European Auto Racing on the Eve of WWII, a History of the Byrons, and Watching WrestleMania
Good morning. In National Review, Robert Dean Lurie writes about the “exhilarating” story of European auto racing on the eve of WWII: “Race cars . . . Nazis . . . Monaco . . . a brash heiress and taciturn underdog . . . an epic showdown in the Pyrénées. It’s hard not to fall in love with Faster, Neil Bascomb’s brisk new portrait of European auto racing on the eve of World War II. Assuming we’ll be able to venture out of doors this summer (a big ‘if’ at this point), Faster gets my vote for the season’s most exhilarating and substantive beach read. It’s precision-engineered for Hollywood, and, as far as I can tell, it’s all true.”
A “breathless” account of the Notre Dame fire “from the first confusing alarm on the screen of an inexperienced security guard to the moment a shaken Emmanuel Macron stepped up to address the nation, five hours later.”
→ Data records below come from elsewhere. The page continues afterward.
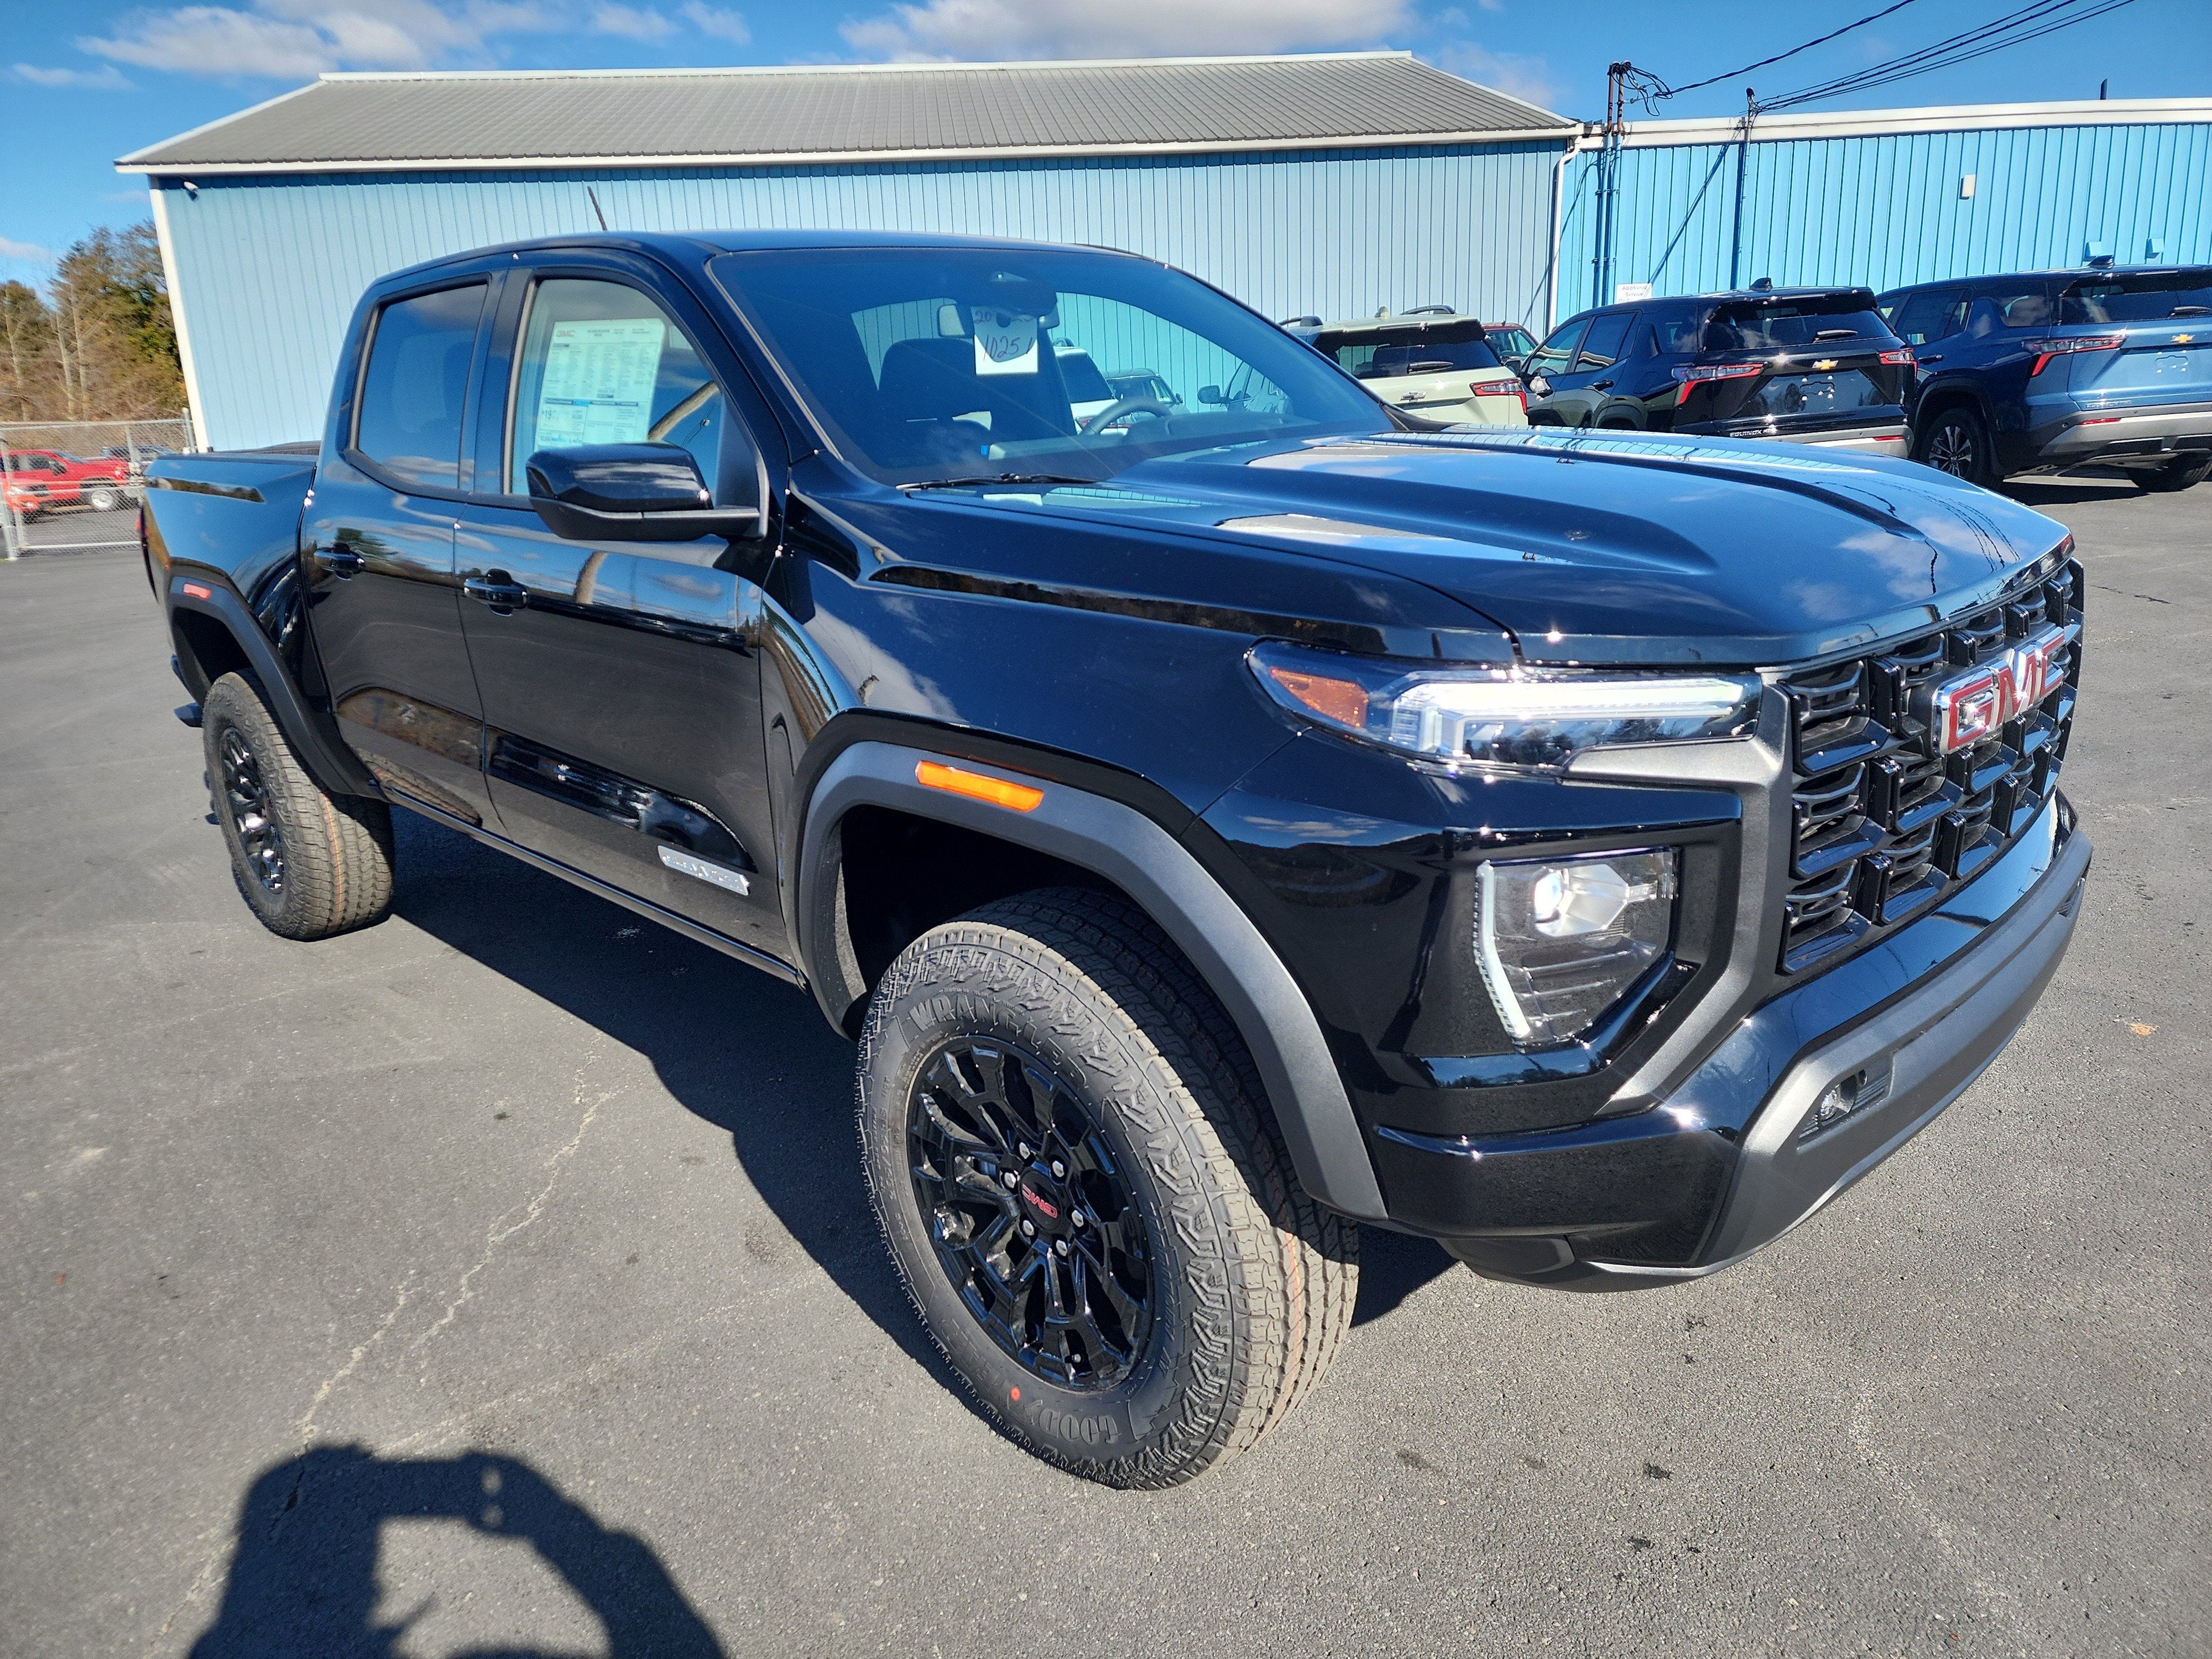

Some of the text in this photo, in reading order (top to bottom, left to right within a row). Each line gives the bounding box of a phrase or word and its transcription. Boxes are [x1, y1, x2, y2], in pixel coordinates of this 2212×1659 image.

[1730, 429, 1762, 437] EQUINOX
[1940, 627, 2066, 754] GMC
[909, 995, 1089, 1088] WRANGLER
[1022, 1183, 1057, 1218] GMC
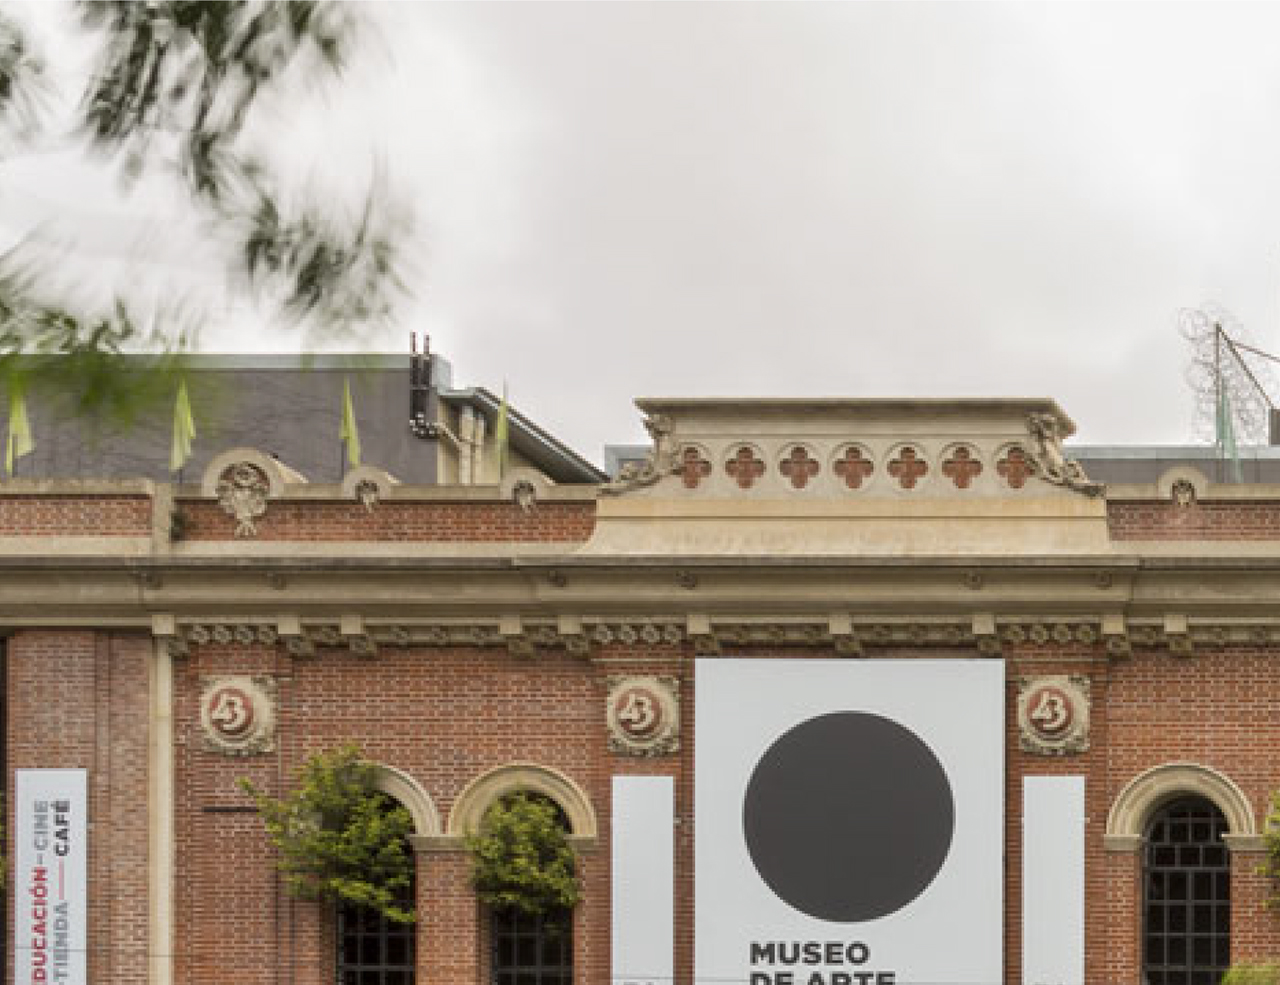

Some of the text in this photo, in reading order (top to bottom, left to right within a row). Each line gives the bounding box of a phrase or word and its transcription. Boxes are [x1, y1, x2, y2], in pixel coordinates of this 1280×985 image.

A history of the Byrons: “Some curse hangs over me and mine,’ wrote Lord Byron, and thanks to Emily Brand, who is a genealogist, it is now possible to see why Byron was so darned Byronic: excess, incest and marital misery flowed in the bloodstream. The gloom that looked like a Regency pose was entirely pre-programmed; George Gordon Byron’s script was handed to him at birth. Being mad, bad and dangerous to know was as instinctive to the Byrons as howling at the moon for a pack of wolves. When he compared his family to ‘whole woods of withered pines’, the poet was not exaggerating. Every branch was rotten. The son of a sociopath known as Mad Jack and the grandson of an ill-fated mariner dubbed Foul-Weather Jack, the ten-year old boy inherited the title from his great uncle, the 5th Lord Byron, who was generally referred to as the Wicked Lord or Devil Byron. The barony came to little George Gordon after the premature deaths of a heap of cousins he had neither heard of nor met: in order to claim his coronet, the pudgy, club-footed lad from Aberdeen had climbed over more dead bodies than Richard III.”
A biased history of the American lawsuit: “Hoffer’s thesis seems to be that courts are wise (reaching decisions reflecting society’s values), except when they rule against the cause favored by the Left.”
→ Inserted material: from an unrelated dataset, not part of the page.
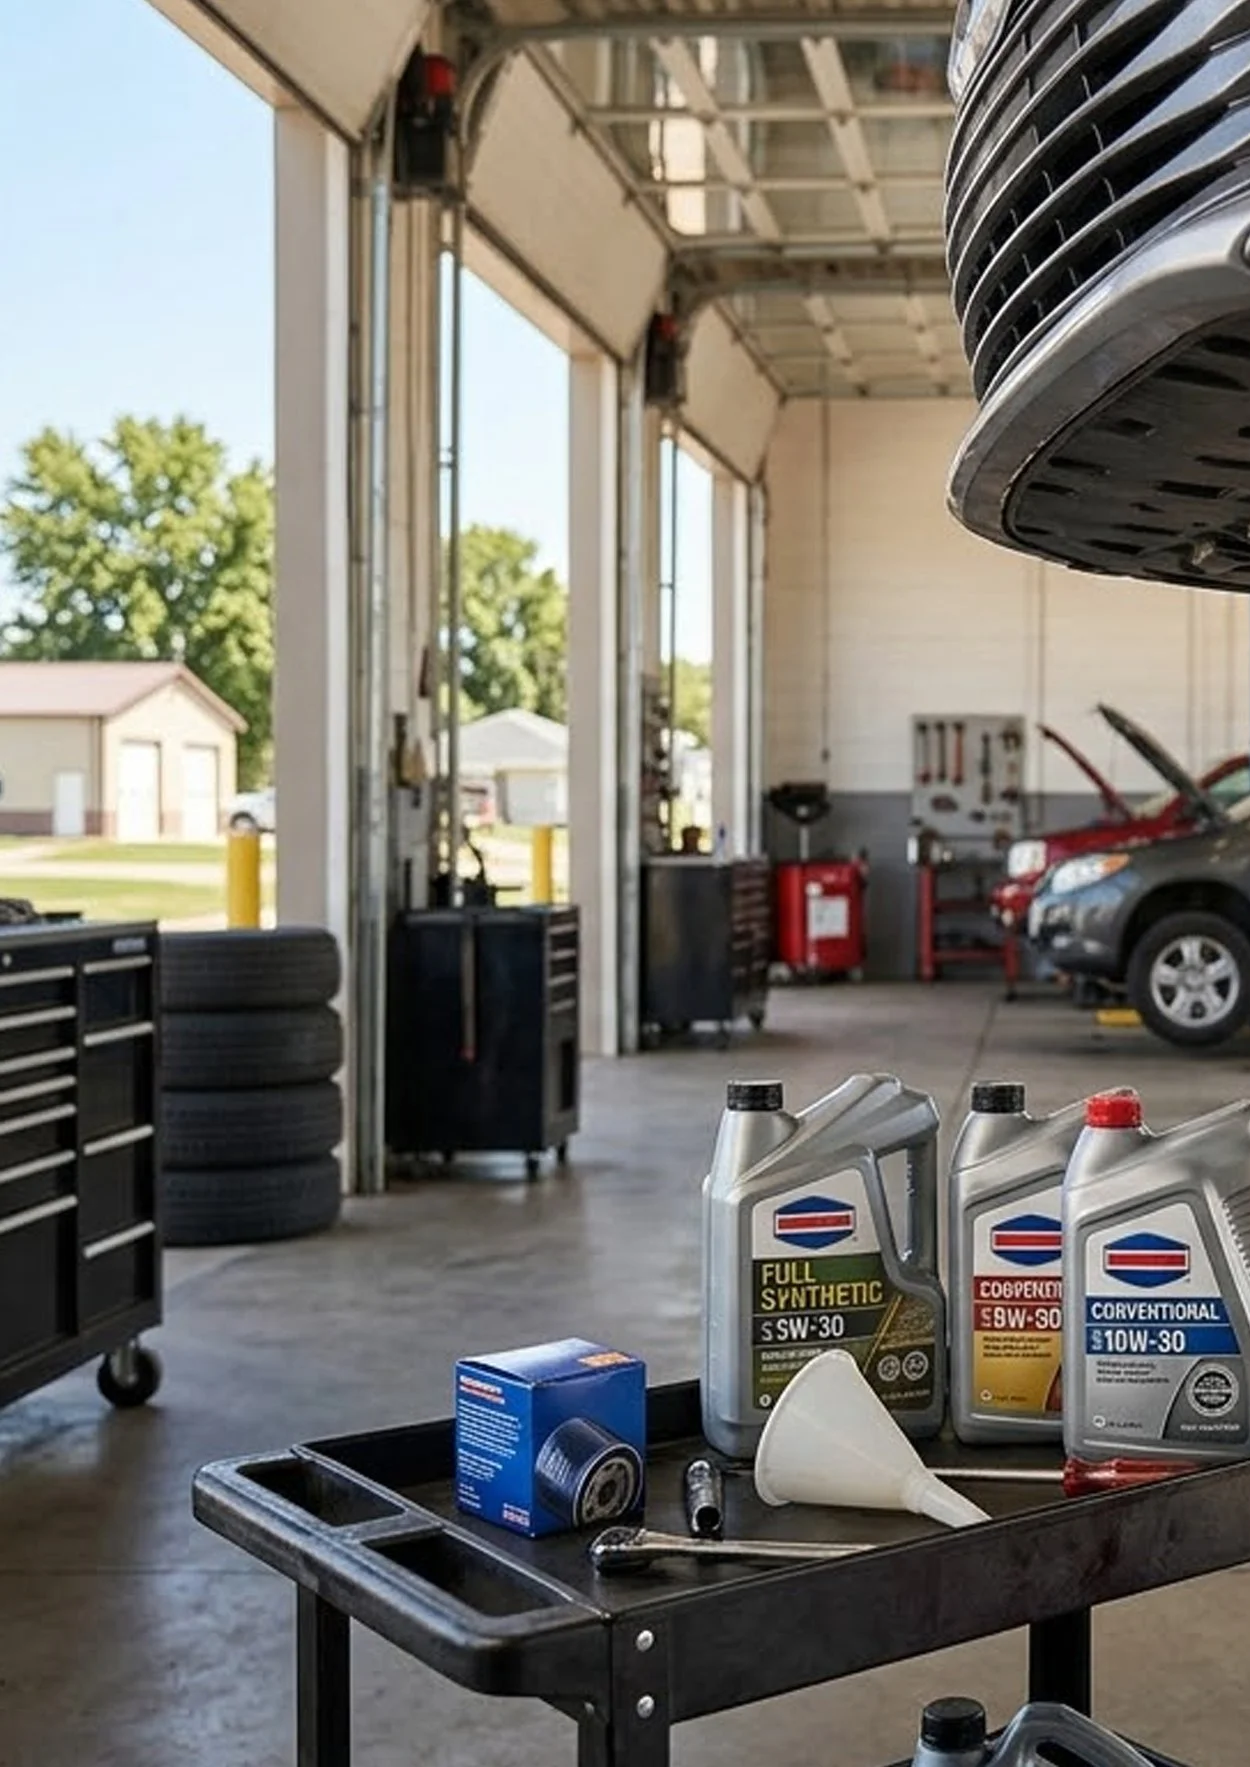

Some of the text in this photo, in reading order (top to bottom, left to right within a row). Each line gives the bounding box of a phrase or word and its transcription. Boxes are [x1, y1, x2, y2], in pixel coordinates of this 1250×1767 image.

[761, 1261, 817, 1286] FULL
[760, 1280, 884, 1312] SYNTHETIC
[1103, 1329, 1186, 1353] 10W-30
There are almost no sports to watch, so Stephen Eide tunes in to WrestleMania: “‘Show’ it may be, but while WWE may not be ‘real sports,’ it is real entertainment with real athletes. One distinct appeal that the WWE has over MLB and the NFL, NHL, and NBA is its refusal to take itself seriously.”
Essay of the Day:
In The New York Times, Sam Anderson writes about the enduring popularity of Weird Al. “National economies collapse; species go extinct; political movements rise and fizzle. But — somehow, for some reason — Weird Al keeps rocking.” More:
“The Yankovic family is wonderfully wholesome. Al and Suzanne met fairly late in life, when both were established in their careers. Suzanne was a high-powered marketing executive at 20th Century Fox, and she was skeptical, at first, when a friend tried to set them up. She worried that Weird Al would be wacky, loud, shrill, insufferable, exhausting, always ‘on.’
“He turned out to be the opposite. Offstage, in his civilian life, Yankovic is shy, introverted, extremely private and unfailingly polite. Among the big personalities of the Los Angeles comedy world, his quiet decency is legendary. ‘He is so, so incredibly nice,’ Samberg (among many others) told me. ‘He is the nicest person you will ever meet, exactly what you’re dreaming he’ll be like.’ No one has ever heard Weird Al raise his voice in anger. He doesn’t swear. When a script comes to him with a bad word in it, he politely asks for revisions. Sometimes, experimentally, Suzanne will try to get him to say a curse word at home. ‘C’mon, honey, it’s just us!’ she’ll say. But he refuses.
“On a bright Saturday morning, the Yankovics invited me to join them for a family hike. Weird Al wore jeans, a large floppy hat and a muted Lacoste polo. (He avoids Hawaiian shirts in everyday settings, not wanting to draw attention to himself.) Suzanne, an avid photographer, seemed to notice every plant and bird we passed. She and Al are classic opposites: he is internal and unobservant and can disappear into his head for days at a time; Suzanne is chatty and social and hyper-present.”